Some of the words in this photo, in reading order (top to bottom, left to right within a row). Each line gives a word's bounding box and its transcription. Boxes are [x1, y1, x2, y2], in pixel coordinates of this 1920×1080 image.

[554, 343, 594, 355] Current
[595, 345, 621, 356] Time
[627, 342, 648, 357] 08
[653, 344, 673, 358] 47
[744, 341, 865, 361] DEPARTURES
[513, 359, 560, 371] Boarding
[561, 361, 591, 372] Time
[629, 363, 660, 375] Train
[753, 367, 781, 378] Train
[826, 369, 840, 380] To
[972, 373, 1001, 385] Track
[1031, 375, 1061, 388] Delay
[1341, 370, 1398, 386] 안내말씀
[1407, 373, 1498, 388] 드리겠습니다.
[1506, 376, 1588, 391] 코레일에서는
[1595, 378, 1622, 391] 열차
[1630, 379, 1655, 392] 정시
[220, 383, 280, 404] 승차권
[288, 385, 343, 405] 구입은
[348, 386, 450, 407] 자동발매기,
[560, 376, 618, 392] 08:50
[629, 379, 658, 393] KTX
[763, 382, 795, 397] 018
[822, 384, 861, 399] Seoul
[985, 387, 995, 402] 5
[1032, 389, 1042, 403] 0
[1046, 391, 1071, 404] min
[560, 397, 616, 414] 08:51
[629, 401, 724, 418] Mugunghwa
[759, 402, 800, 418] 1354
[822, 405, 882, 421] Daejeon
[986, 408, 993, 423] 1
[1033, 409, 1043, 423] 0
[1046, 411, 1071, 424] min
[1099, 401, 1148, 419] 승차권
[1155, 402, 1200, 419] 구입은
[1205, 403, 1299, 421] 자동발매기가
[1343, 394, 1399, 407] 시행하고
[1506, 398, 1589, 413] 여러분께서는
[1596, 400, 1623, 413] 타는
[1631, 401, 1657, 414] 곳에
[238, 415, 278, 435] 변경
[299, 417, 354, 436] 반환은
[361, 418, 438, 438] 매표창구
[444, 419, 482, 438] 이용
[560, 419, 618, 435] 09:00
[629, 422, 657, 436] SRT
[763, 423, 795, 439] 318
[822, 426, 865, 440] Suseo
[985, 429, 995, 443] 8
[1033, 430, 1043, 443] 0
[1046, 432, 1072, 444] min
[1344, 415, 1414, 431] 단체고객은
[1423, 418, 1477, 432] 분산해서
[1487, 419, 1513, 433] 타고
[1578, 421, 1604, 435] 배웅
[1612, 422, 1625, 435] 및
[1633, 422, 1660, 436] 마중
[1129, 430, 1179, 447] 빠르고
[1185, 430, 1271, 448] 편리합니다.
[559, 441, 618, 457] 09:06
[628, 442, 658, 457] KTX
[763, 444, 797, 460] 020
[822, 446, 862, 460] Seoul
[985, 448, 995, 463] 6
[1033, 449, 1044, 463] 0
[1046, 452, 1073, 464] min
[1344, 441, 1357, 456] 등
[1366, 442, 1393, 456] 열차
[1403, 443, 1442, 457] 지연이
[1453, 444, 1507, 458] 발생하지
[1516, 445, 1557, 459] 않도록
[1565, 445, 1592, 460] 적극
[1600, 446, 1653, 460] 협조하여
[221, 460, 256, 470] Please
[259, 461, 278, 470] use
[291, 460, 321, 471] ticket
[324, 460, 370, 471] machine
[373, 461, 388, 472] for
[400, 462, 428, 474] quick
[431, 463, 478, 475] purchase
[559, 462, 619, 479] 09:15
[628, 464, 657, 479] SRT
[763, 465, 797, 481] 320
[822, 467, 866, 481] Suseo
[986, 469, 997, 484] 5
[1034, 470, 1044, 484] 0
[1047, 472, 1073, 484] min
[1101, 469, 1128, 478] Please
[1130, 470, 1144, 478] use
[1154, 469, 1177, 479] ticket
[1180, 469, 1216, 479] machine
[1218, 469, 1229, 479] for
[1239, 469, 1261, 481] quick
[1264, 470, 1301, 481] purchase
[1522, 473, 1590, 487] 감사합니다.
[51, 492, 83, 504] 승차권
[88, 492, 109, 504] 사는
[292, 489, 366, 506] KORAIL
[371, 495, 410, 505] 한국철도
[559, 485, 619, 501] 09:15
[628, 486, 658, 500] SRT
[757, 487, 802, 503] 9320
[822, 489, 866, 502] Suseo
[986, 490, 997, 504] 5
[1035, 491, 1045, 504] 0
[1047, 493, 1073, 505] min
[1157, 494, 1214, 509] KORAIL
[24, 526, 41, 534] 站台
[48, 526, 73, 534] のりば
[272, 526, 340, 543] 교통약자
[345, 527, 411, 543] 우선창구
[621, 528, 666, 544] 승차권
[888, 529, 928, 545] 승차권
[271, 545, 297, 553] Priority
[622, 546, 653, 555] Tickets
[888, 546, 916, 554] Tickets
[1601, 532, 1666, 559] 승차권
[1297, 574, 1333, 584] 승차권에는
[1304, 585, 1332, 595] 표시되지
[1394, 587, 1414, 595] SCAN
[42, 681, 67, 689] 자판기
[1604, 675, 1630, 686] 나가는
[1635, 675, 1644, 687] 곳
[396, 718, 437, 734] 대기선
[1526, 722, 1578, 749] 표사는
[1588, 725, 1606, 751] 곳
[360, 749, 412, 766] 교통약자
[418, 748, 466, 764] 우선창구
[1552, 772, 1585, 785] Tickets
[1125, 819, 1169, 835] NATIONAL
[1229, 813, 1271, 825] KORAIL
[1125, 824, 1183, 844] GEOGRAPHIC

= = = = =

Please retype every entry above exactly as it stands.

Some of the words in this photo, in reading order (top to bottom, left to right within a row). Each line gives a word's bounding box and its transcription. Boxes are [x1, y1, x2, y2], in pixel coordinates of this 1920×1080 image.

[554, 343, 594, 355] Current
[595, 345, 621, 356] Time
[627, 342, 648, 357] 08
[653, 344, 673, 358] 47
[744, 341, 865, 361] DEPARTURES
[513, 359, 560, 371] Boarding
[561, 361, 591, 372] Time
[629, 363, 660, 375] Train
[753, 367, 781, 378] Train
[826, 369, 840, 380] To
[972, 373, 1001, 385] Track
[1031, 375, 1061, 388] Delay
[1341, 370, 1398, 386] 안내말씀
[1407, 373, 1498, 388] 드리겠습니다.
[1506, 376, 1588, 391] 코레일에서는
[1595, 378, 1622, 391] 열차
[1630, 379, 1655, 392] 정시
[220, 383, 280, 404] 승차권
[288, 385, 343, 405] 구입은
[348, 386, 450, 407] 자동발매기,
[560, 376, 618, 392] 08:50
[629, 379, 658, 393] KTX
[763, 382, 795, 397] 018
[822, 384, 861, 399] Seoul
[985, 387, 995, 402] 5
[1032, 389, 1042, 403] 0
[1046, 391, 1071, 404] min
[560, 397, 616, 414] 08:51
[629, 401, 724, 418] Mugunghwa
[759, 402, 800, 418] 1354
[822, 405, 882, 421] Daejeon
[986, 408, 993, 423] 1
[1033, 409, 1043, 423] 0
[1046, 411, 1071, 424] min
[1099, 401, 1148, 419] 승차권
[1155, 402, 1200, 419] 구입은
[1205, 403, 1299, 421] 자동발매기가
[1343, 394, 1399, 407] 시행하고
[1506, 398, 1589, 413] 여러분께서는
[1596, 400, 1623, 413] 타는
[1631, 401, 1657, 414] 곳에
[238, 415, 278, 435] 변경
[299, 417, 354, 436] 반환은
[361, 418, 438, 438] 매표창구
[444, 419, 482, 438] 이용
[560, 419, 618, 435] 09:00
[629, 422, 657, 436] SRT
[763, 423, 795, 439] 318
[822, 426, 865, 440] Suseo
[985, 429, 995, 443] 8
[1033, 430, 1043, 443] 0
[1046, 432, 1072, 444] min
[1344, 415, 1414, 431] 단체고객은
[1423, 418, 1477, 432] 분산해서
[1487, 419, 1513, 433] 타고
[1578, 421, 1604, 435] 배웅
[1612, 422, 1625, 435] 및
[1633, 422, 1660, 436] 마중
[1129, 430, 1179, 447] 빠르고
[1185, 430, 1271, 448] 편리합니다.
[559, 441, 618, 457] 09:06
[628, 442, 658, 457] KTX
[763, 444, 797, 460] 020
[822, 446, 862, 460] Seoul
[985, 448, 995, 463] 6
[1033, 449, 1044, 463] 0
[1046, 452, 1073, 464] min
[1344, 441, 1357, 456] 등
[1366, 442, 1393, 456] 열차
[1403, 443, 1442, 457] 지연이
[1453, 444, 1507, 458] 발생하지
[1516, 445, 1557, 459] 않도록
[1565, 445, 1592, 460] 적극
[1600, 446, 1653, 460] 협조하여
[221, 460, 256, 470] Please
[259, 461, 278, 470] use
[291, 460, 321, 471] ticket
[324, 460, 370, 471] machine
[373, 461, 388, 472] for
[400, 462, 428, 474] quick
[431, 463, 478, 475] purchase
[559, 462, 619, 479] 09:15
[628, 464, 657, 479] SRT
[763, 465, 797, 481] 320
[822, 467, 866, 481] Suseo
[986, 469, 997, 484] 5
[1034, 470, 1044, 484] 0
[1047, 472, 1073, 484] min
[1101, 469, 1128, 478] Please
[1130, 470, 1144, 478] use
[1154, 469, 1177, 479] ticket
[1180, 469, 1216, 479] machine
[1218, 469, 1229, 479] for
[1239, 469, 1261, 481] quick
[1264, 470, 1301, 481] purchase
[1522, 473, 1590, 487] 감사합니다.
[51, 492, 83, 504] 승차권
[88, 492, 109, 504] 사는
[292, 489, 366, 506] KORAIL
[371, 495, 410, 505] 한국철도
[559, 485, 619, 501] 09:15
[628, 486, 658, 500] SRT
[757, 487, 802, 503] 9320
[822, 489, 866, 502] Suseo
[986, 490, 997, 504] 5
[1035, 491, 1045, 504] 0
[1047, 493, 1073, 505] min
[1157, 494, 1214, 509] KORAIL
[24, 526, 41, 534] 站台
[48, 526, 73, 534] のりば
[272, 526, 340, 543] 교통약자
[345, 527, 411, 543] 우선창구
[621, 528, 666, 544] 승차권
[888, 529, 928, 545] 승차권
[271, 545, 297, 553] Priority
[622, 546, 653, 555] Tickets
[888, 546, 916, 554] Tickets
[1601, 532, 1666, 559] 승차권
[1297, 574, 1333, 584] 승차권에는
[1304, 585, 1332, 595] 표시되지
[1394, 587, 1414, 595] SCAN
[42, 681, 67, 689] 자판기
[1604, 675, 1630, 686] 나가는
[1635, 675, 1644, 687] 곳
[396, 718, 437, 734] 대기선
[1526, 722, 1578, 749] 표사는
[1588, 725, 1606, 751] 곳
[360, 749, 412, 766] 교통약자
[418, 748, 466, 764] 우선창구
[1552, 772, 1585, 785] Tickets
[1125, 819, 1169, 835] NATIONAL
[1229, 813, 1271, 825] KORAIL
[1125, 824, 1183, 844] GEOGRAPHIC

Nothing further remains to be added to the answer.